§ **Task item**: Check the listing below for lines with the word "days" and say how many there are, with nothing but the number.

——

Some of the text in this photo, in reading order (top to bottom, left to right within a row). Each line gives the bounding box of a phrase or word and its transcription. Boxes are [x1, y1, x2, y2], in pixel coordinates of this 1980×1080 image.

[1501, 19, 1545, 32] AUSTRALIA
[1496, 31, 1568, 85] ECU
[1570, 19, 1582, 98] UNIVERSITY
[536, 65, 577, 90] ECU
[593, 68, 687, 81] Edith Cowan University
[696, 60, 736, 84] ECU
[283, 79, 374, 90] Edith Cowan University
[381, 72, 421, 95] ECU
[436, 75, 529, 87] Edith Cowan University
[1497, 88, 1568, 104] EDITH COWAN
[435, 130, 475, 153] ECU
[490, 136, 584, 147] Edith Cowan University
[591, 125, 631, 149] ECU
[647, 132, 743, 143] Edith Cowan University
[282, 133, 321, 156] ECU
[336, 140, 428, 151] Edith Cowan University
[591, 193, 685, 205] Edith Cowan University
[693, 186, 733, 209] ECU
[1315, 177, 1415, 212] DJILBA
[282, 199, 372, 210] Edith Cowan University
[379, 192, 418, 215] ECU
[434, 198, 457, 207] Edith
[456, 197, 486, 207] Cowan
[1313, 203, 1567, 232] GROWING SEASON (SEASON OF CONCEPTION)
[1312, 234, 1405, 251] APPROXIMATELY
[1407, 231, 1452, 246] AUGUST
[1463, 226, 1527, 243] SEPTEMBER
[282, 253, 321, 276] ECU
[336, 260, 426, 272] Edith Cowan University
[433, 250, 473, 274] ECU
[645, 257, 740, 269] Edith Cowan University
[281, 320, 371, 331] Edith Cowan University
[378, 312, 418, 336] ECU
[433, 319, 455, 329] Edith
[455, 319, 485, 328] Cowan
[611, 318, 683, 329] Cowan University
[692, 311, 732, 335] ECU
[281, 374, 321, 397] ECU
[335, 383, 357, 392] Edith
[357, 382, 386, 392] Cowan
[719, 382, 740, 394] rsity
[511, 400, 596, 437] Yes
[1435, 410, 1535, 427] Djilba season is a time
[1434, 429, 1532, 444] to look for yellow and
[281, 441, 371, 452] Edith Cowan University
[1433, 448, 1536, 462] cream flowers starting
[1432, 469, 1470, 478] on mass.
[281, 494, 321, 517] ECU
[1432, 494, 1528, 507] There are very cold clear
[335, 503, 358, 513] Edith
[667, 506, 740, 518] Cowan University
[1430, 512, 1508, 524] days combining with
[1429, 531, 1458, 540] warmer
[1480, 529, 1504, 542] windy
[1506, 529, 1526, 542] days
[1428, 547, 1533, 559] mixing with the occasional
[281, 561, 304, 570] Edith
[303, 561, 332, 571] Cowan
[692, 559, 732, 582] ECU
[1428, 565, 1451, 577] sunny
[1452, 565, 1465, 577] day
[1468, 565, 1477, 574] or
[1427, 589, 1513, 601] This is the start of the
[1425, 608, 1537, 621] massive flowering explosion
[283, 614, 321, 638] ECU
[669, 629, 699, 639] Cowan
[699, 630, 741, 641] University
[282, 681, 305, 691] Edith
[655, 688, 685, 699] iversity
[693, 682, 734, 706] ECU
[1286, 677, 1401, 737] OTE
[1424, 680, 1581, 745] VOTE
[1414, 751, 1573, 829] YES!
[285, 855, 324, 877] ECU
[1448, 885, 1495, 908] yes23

——

§ **Task result**: 2